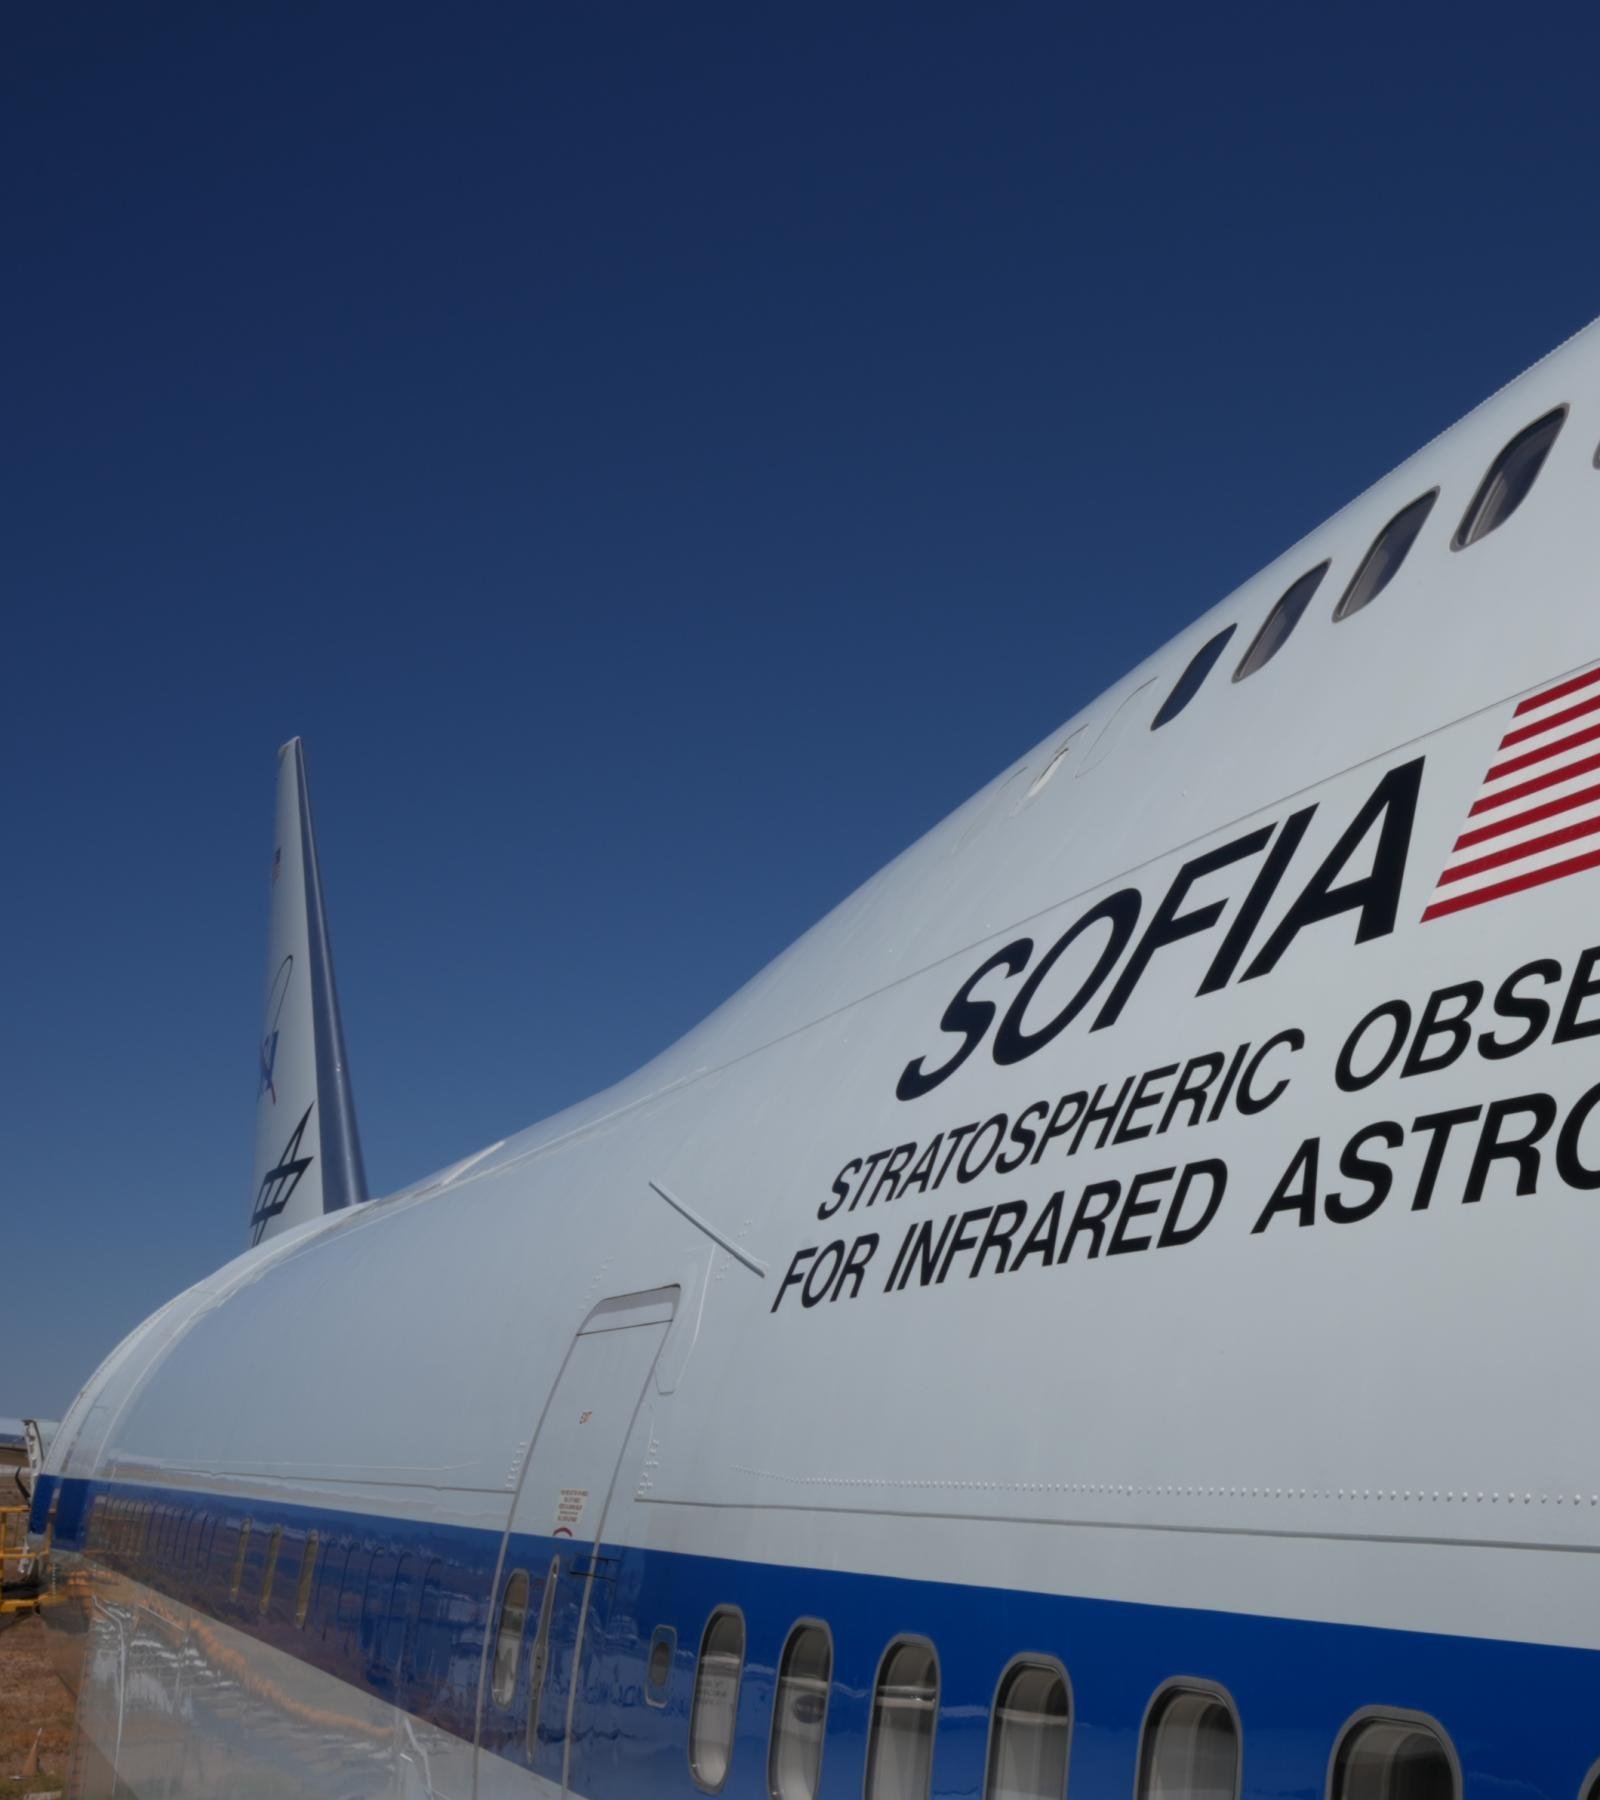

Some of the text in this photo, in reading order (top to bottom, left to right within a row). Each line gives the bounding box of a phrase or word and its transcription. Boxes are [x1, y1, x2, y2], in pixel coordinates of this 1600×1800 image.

[896, 757, 1425, 1101] SOFIA
[817, 1028, 1305, 1221] STRATOSPHERIC
[771, 1233, 880, 1313] FOR
[884, 1158, 1228, 1293] INFRARED

*Your instructions*
Leave out the pictures, then return every line of the data exactly.

*Completed exercise*
Some of the text in this photo, in reading order (top to bottom, left to right within a row). Each line gives the bounding box of a phrase or word and its transcription. Boxes are [x1, y1, x2, y2], in pixel coordinates of this 1600×1800 image.

[896, 757, 1425, 1101] SOFIA
[817, 1028, 1305, 1221] STRATOSPHERIC
[771, 1233, 880, 1313] FOR
[884, 1158, 1228, 1293] INFRARED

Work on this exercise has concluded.